Preparing your dataset
This guide focuses on how you can bring your own data to fine-tune your model using LLMForge.
Example YAML
This guide specifies training and validation paths in the train_path
and valid_path
entries in the config file as shown in the example YAML below. Validation path is optional.
model_id: meta-llama/Meta-Llama-3-8B-Instruct
train_path: s3://air-example-data/gsm8k/train.jsonl # <-- Change this path to the path of your training data.
valid_path: s3://air-example-data/gsm8k/test.jsonl # <-- Change this path to the path of your validation data. This setting is optional.
Configuring data access
LLMForge supports loading data from remote storage, like S3 and GCS, and local storage.
- Public remote storage
- Private remote storage
- Local storage
For datasets configured for public access, simply add the relevant training and validation file URI in your training YAML. LLMForge supports loading data stored on S3 and GCS.

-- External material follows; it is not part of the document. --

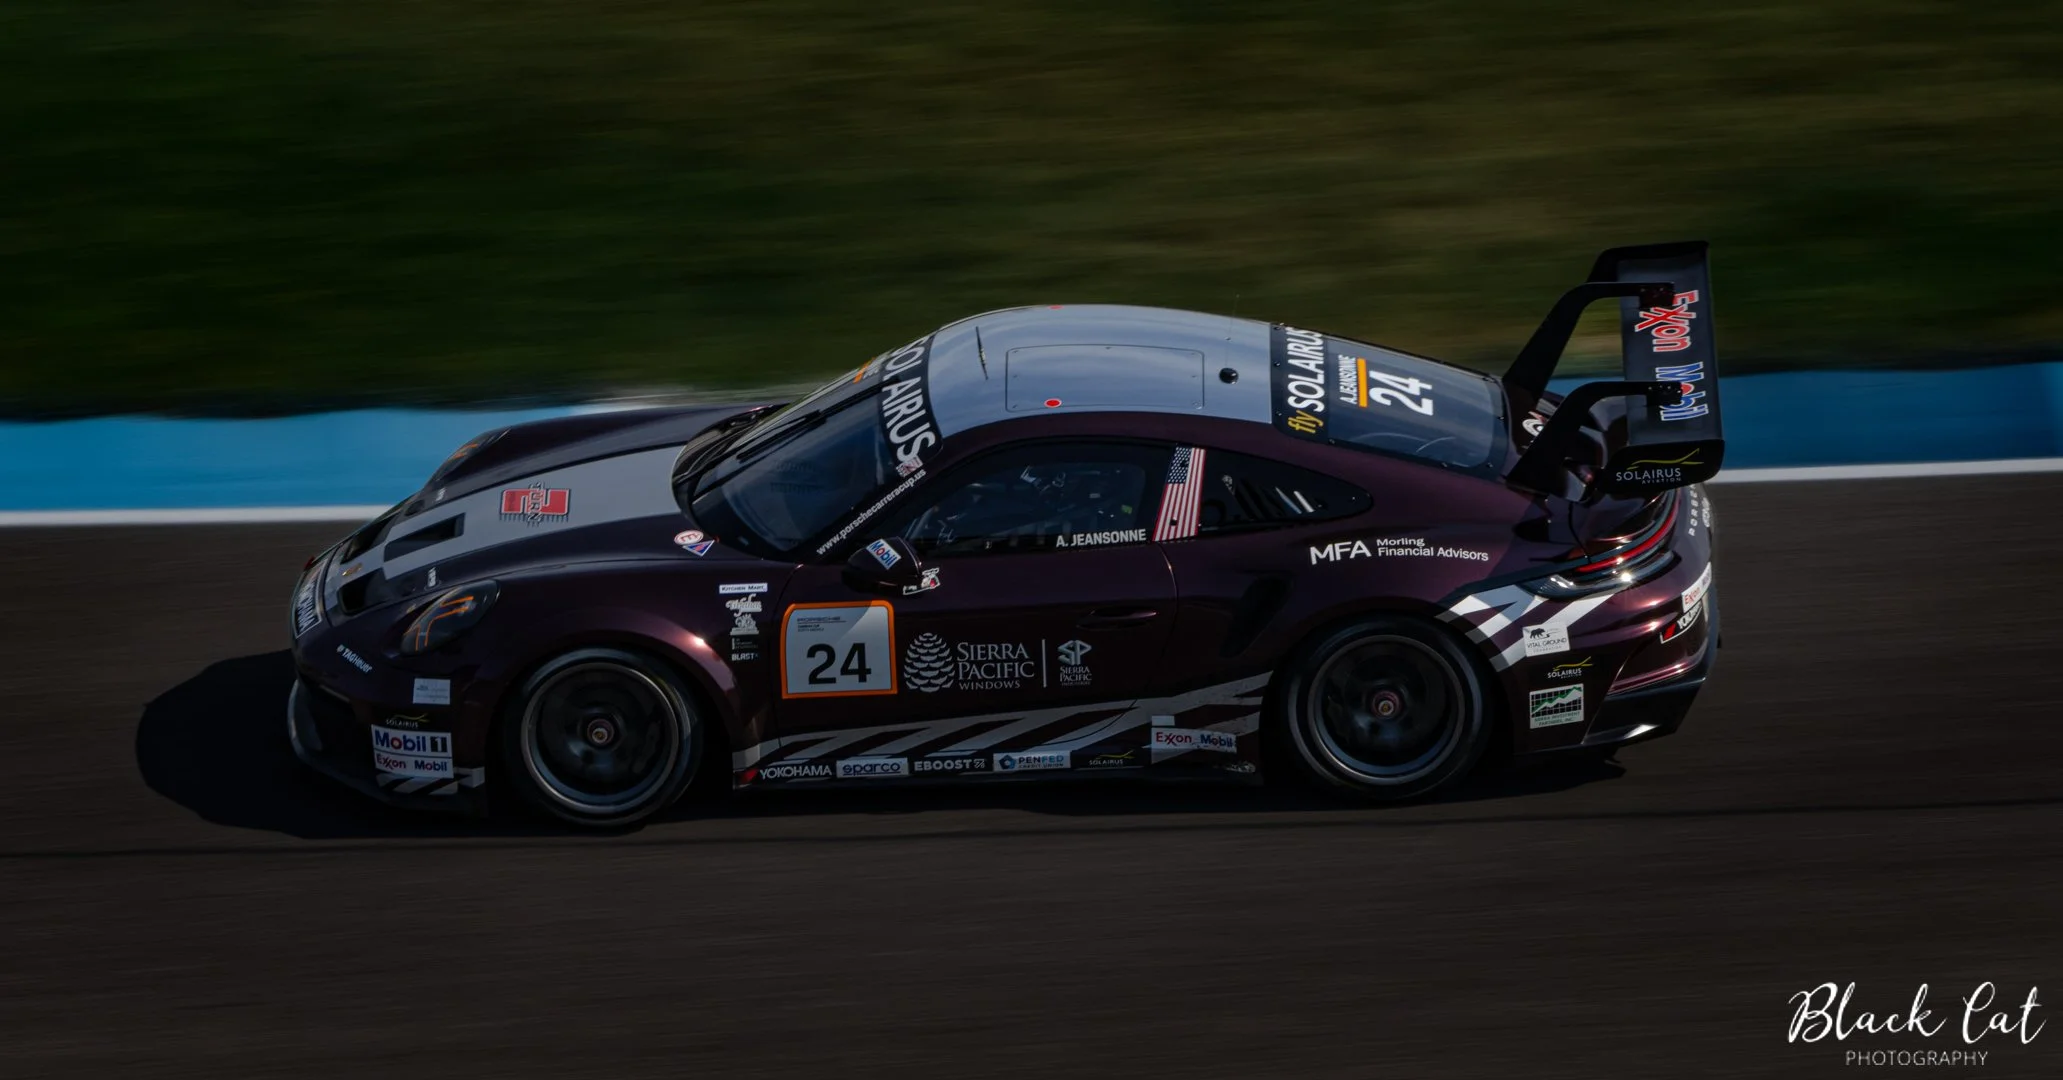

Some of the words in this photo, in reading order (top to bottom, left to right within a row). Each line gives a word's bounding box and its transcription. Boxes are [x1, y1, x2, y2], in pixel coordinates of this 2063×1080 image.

With private storage, you have two options:
Option 1: Configure permissions directly in your cloud account
The most convenient option is to provide read permissions for your Anyscale workspace for the specific bucket. See Access to private cloud storage for more details.
Option 2: Sync data into default cloud storage provided by Anyscale
Another option is to sync your data into Anyscale-provided storage and then continue with fine-tuning. Anyscale configures this storage bucket to have read access to it. For example, for private data on AWS S3, first configure your workspace to access the data. Export relevant environment variables directly, for example: AWS_ACCESS_KEY_ID
, AWS_SECRET_ACCESS_KEY
, AWS_SESSION_TOKEN
, etc., into your current terminal session. Next, move this data into
the default object storage bucket, $ANYSCALE_ARTIFACT_STORAGE
, provided by Anyscale . This option persists across runs or workspace restarts, as opposed to downloading the files into your workspace, which you need to repeat for every run or workspace restart.
-
First, download the data into your workspace:
aws s3 sync s3://<bucket_name>/<path_to_data_dir>/ myfiles/
-
The default object storage bucket that Anyscale configures for the workspace uses Anyscale-managed credentials internally. You need to reset the credentials so that it doesn't interfere with the Anyscale-managed access setup. For example, if your Anyscale hosted cloud is on AWS, then adding your AWS credentials to your private bucket means that
aws
can't access the default object storage bucket,$ANYSCALE_ARTIFACT_STORAGE
, anymore. Reset your credentials by simply setting the relevant environment variables to the empty string. -
Next, upload your data to
$ANYSCALE_ARTIFACT_STORAGE
with the relevant AWS S3 or GCS CLI depending on your Anyscale cloud. For example:GCP:
gcloud storage cp -r myfiles/ $ANYSCALE_ARTIFACT_STORAGE/myfiles/
AWS:
aws s3 sync myfiles/ $ANYSCALE_ARTIFACT_STORAGE/myfiles/
-
Finally, update the training and validation paths in the training config YAML.
For local files you have two options:
- Upload to remote storage and follow the instructions above. This option is the most reliable for large datasets.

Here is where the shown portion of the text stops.